Покуда толпа у ворот монастыря росла с каждым часом, Шустер наедине разговаривал со своим Богом почти час, и когда по окончании разговора осознал, что не стал ни на йоту умнее, остался сидеть за столом. Он рассеянно перелистывал «Legenda Aurea»,[4] книгу, занимавшую его мысли в последний месяц, пока, наконец, с глубоким вздохом не отложил фолиант и подошел к книжной полке.

Некоторое время Шустер стоял, разглядывая корешки в надежде найти сочинение, которое смогло бы отвлечь его от событий последнего времени. «Белый Христос» Людольфа Саксонского… «Последователи Христа» Томаса а Кемписа… Но, не успев ничего выбрать, почувствовал приступ усталости и присел на койку, скользя взглядом по спартанской обстановке кельи — стол, табуретка, распятие на стене.

Из часовни донеслись звуки органа. Это играл мальчик. Когда раздался колокольный звон, возвещающий вечернюю молитву, он никак не мог сосчитать удары: прим, терц… он даже не знал, в который раз звонили.

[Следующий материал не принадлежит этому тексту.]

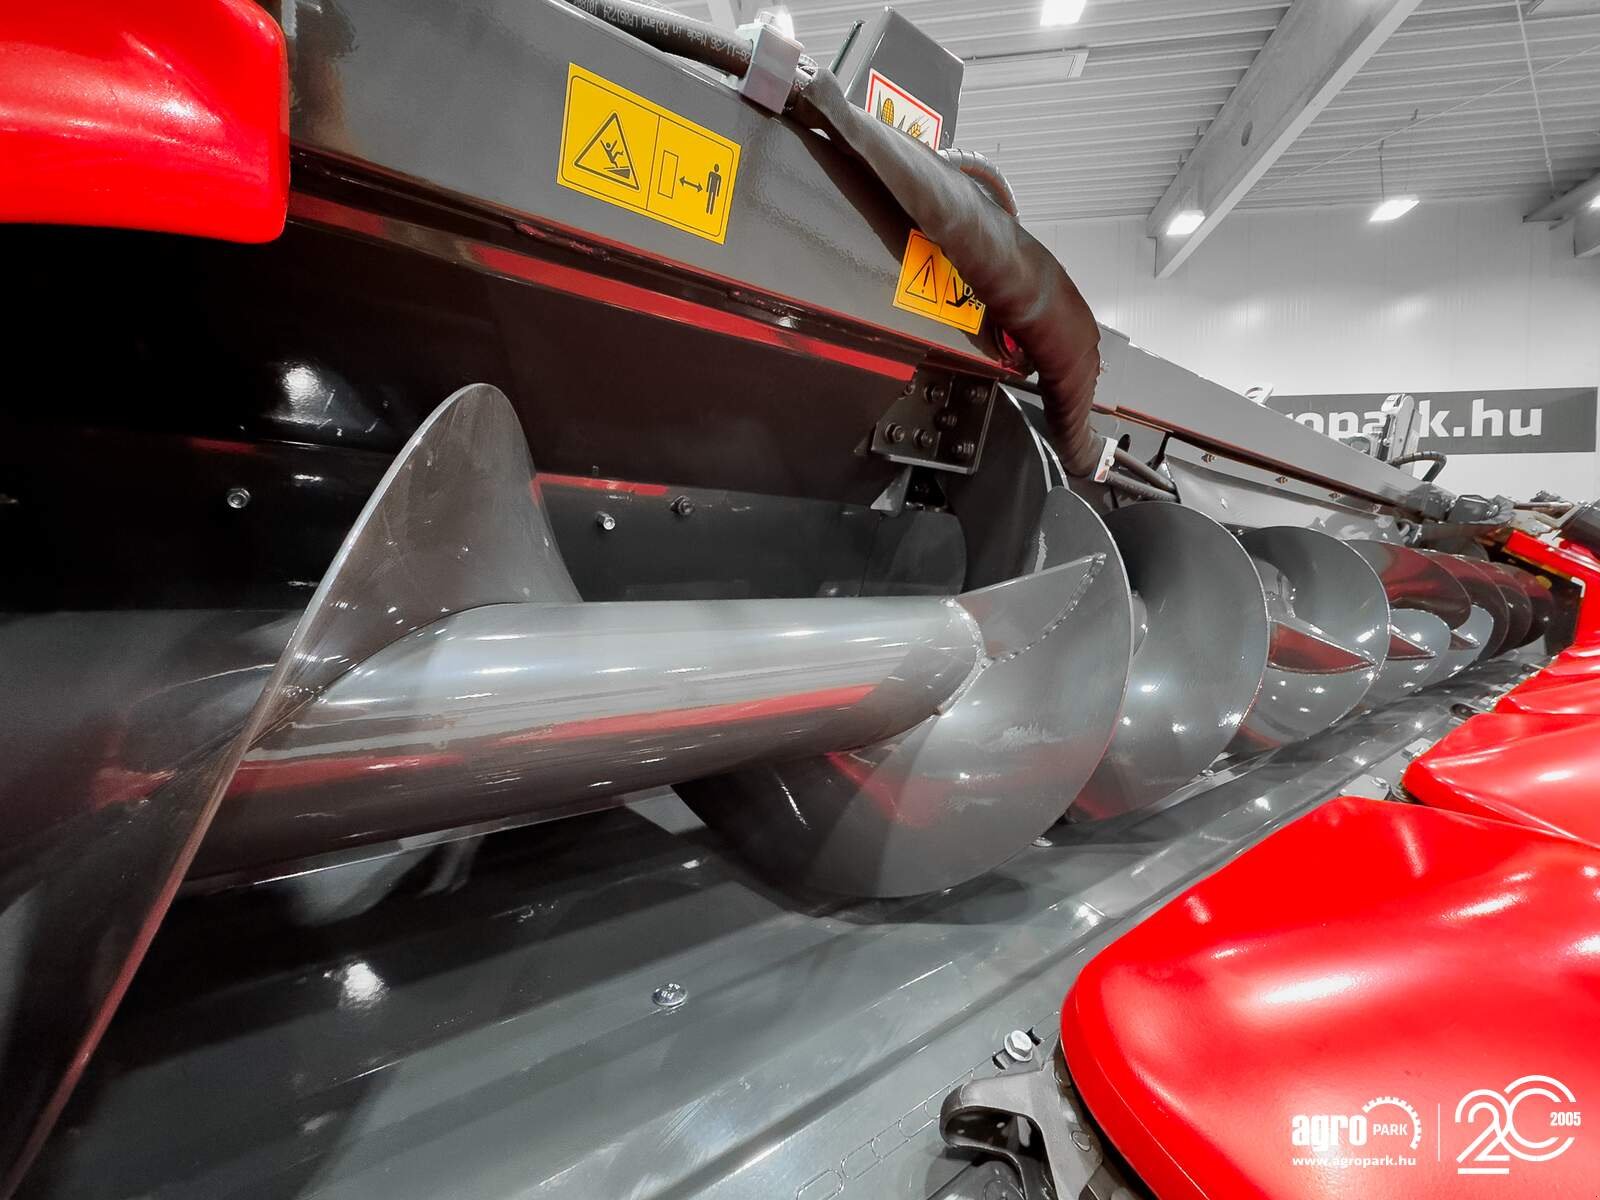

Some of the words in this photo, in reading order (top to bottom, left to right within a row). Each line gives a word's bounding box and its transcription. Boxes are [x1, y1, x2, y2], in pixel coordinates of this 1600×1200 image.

Он подошел к окошку кельи. На склоне у монастырских ворот тут и там сидели группы людей — ждали появления мальчика. Это были в основном молодые женщины, но были и старики, и инвалиды, они надеялись, что мальчик, кроме провидческих способностей, обладает еще и даром исцелять недуги. Дети играли у колодца, чуть ниже, близ ручья, паслась корова без привязи. Многие принесли корзинки с едой. Лоточники торговали хлебом, пивом и кренделями. За последний месяц монастырь превратился в настоящее место паломничества.

Эти люди, думал Шустер, ощущая, как пот струится по шее, не хотят признавать трансцендентального, невидимого Бога, они требуют чуда. Сам он с годами чувствовал, как душа его становится все ближе божественному — теперь он видел Бога в цветах, в журчанье ручья, в деревьях. В Америке он слышал голос Бога в джунглях, он угадывал божественный план в термитниках, в глазах ягуара, в восхищении индейцев-гуарани музыкальными инструментами. Но для этих людей это исключено — они никогда не поймут, что дерево и река — это тоже Бог. Дерево для них — доски для сарая. В реку можно забросить невод и наловить рыбы. Засеянное поле — кусок хлеба. Научить их читать и писать, накормить в год неурожая, ибо только гибкость и ежедневная практическая работа помогает Иисусову братству отвоевать их души для веры.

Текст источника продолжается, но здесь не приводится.